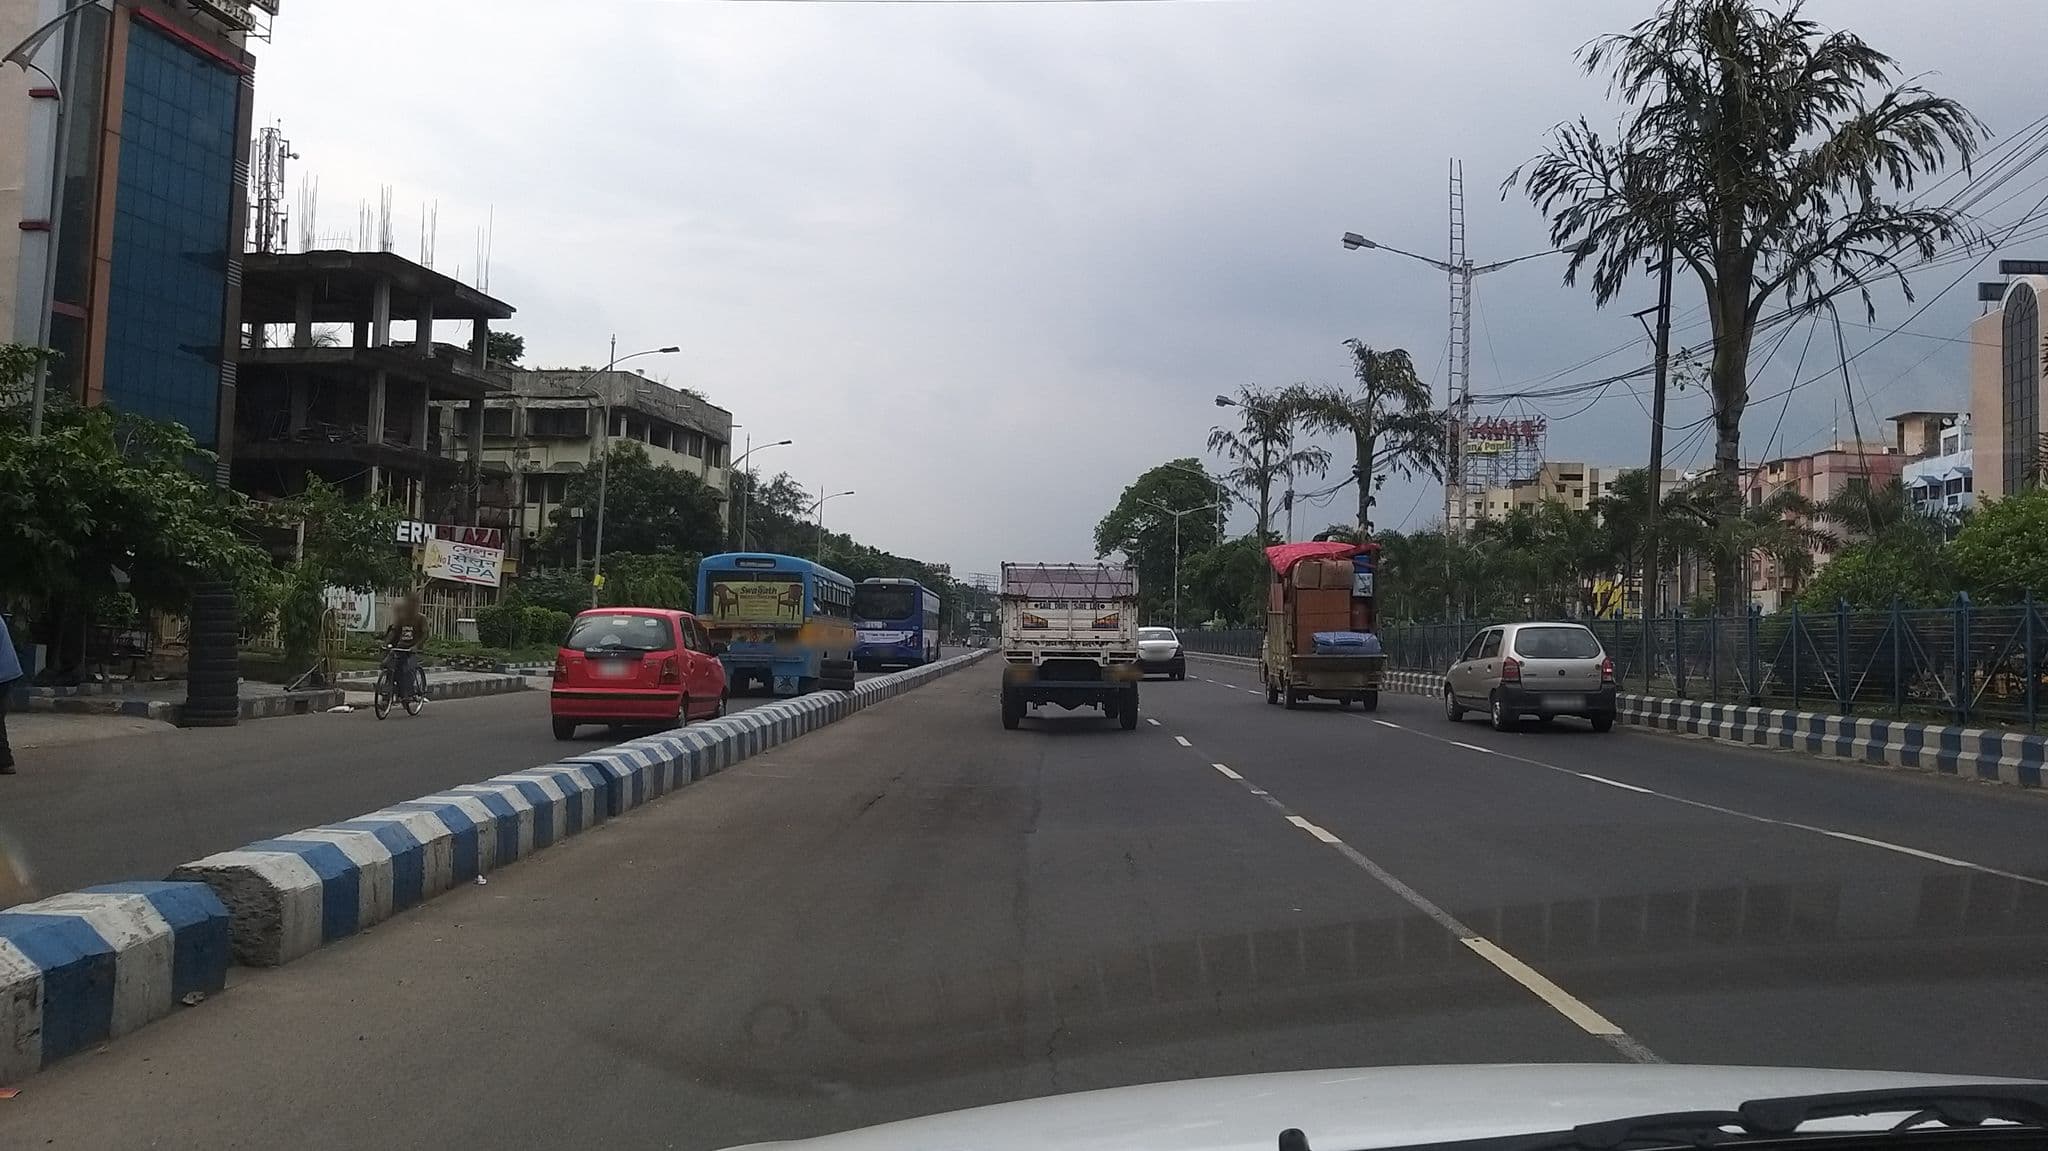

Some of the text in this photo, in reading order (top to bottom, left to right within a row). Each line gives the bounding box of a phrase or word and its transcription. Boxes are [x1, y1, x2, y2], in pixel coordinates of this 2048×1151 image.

[396, 521, 502, 549] ERN PLAZA
[449, 563, 496, 579] SPA
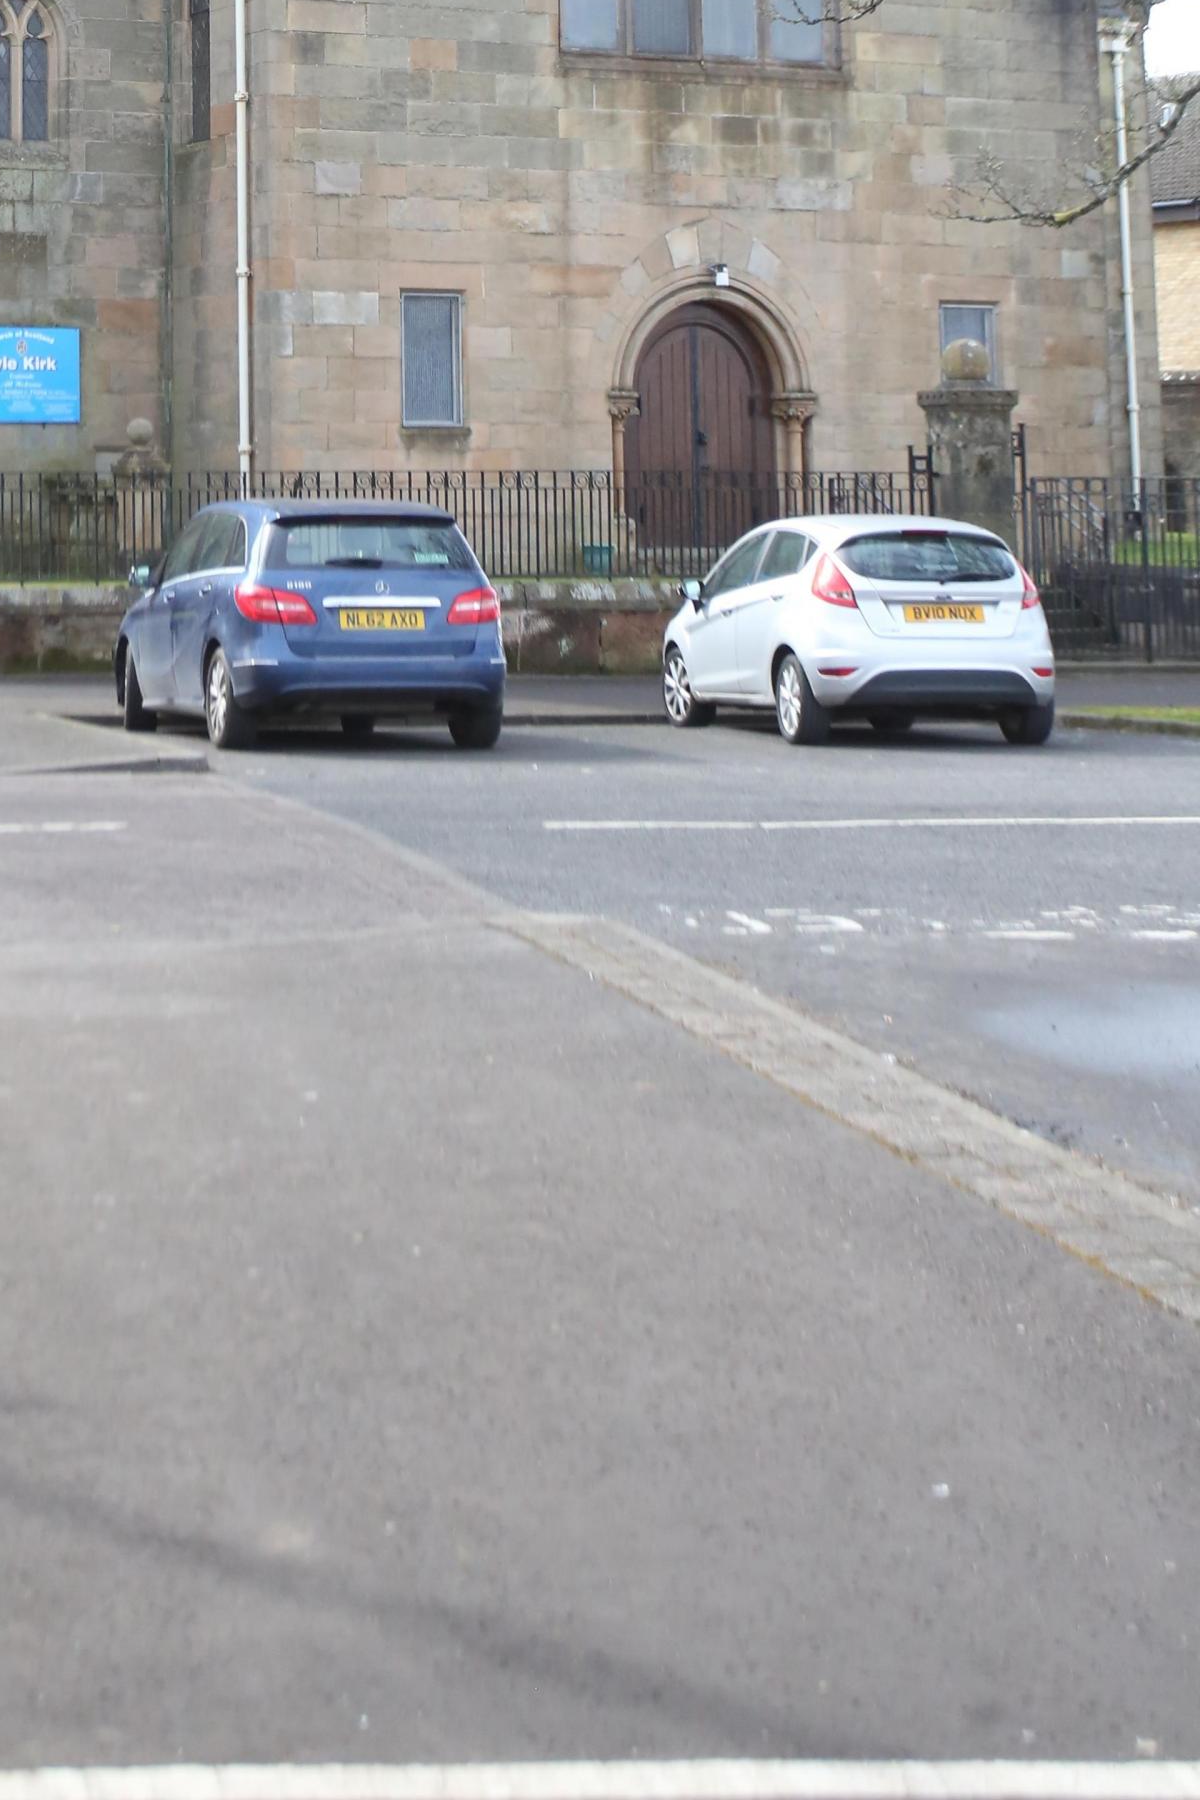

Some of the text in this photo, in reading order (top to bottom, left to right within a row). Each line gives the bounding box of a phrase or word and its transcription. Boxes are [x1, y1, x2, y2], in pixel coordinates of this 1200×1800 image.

[23, 355, 57, 371] Kirk
[346, 611, 385, 628] NL62
[948, 606, 977, 620] NUX
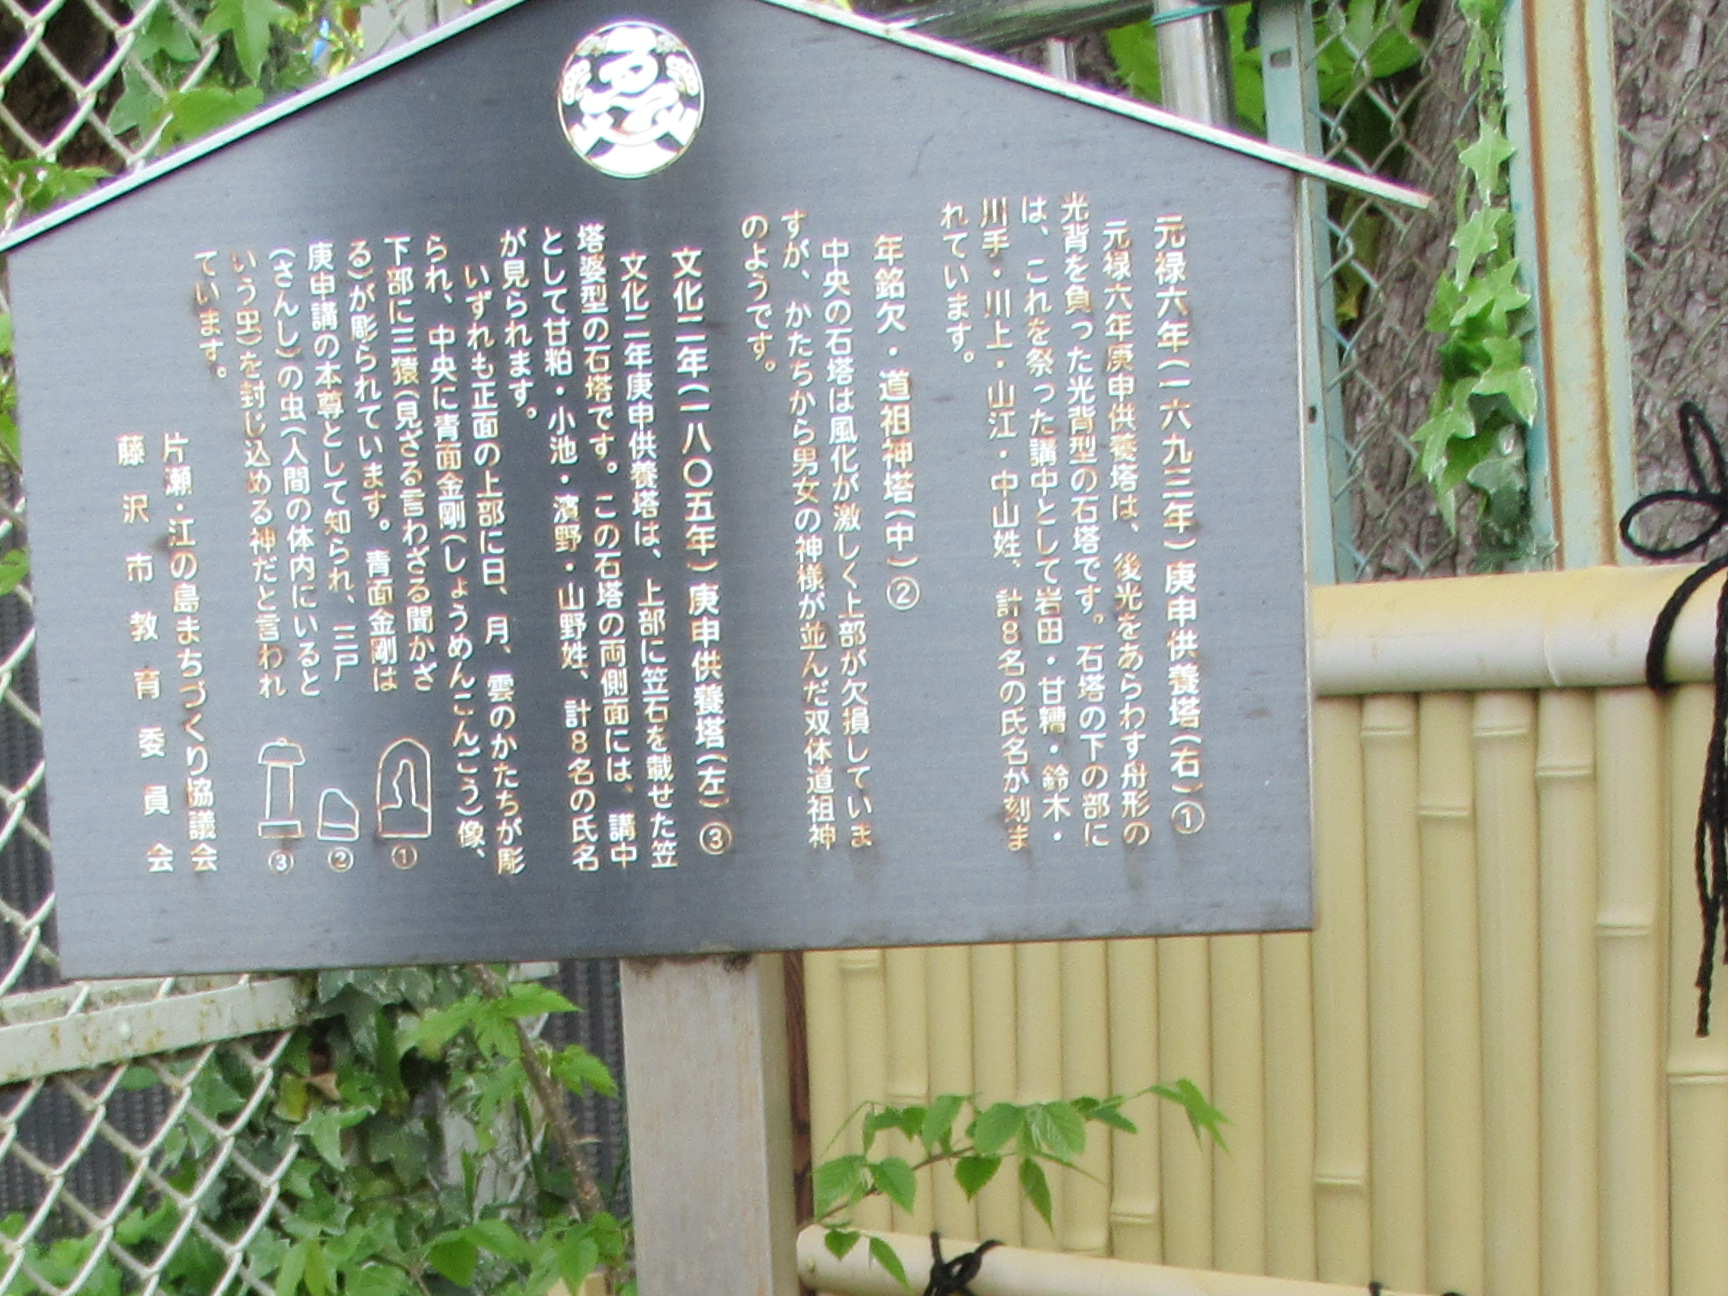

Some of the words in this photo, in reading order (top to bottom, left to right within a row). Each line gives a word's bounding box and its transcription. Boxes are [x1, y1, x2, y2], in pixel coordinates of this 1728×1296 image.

» **Exercise requirements**:
Please output the records above exactly, without the pictures.

» **Solution**:
Some of the text in this photo, in reading order (top to bottom, left to right within a row). Each line gives the bounding box of a phrase or word and its transcription. Boxes are [x1, y1, x2, y2], in pixel coordinates of this 2048×1151 image.

[396, 521, 502, 549] ERN PLAZA
[449, 563, 496, 579] SPA

Some of the text in this photo, in reading order (top to bottom, left to right within a row). Each line gives the bounding box of a phrase or word and its transcription. Boxes are [x1, y1, x2, y2], in pixel coordinates of this 1200×1800 image.

[23, 355, 57, 371] Kirk
[346, 611, 385, 628] NL62
[948, 606, 977, 620] NUX

Some of the words in this photo, in reading order (top to bottom, left to right within a row). Each line gives a word's bounding box and its transcription. Boxes are [x1, y1, x2, y2], in pixel coordinates of this 1728×1296 image.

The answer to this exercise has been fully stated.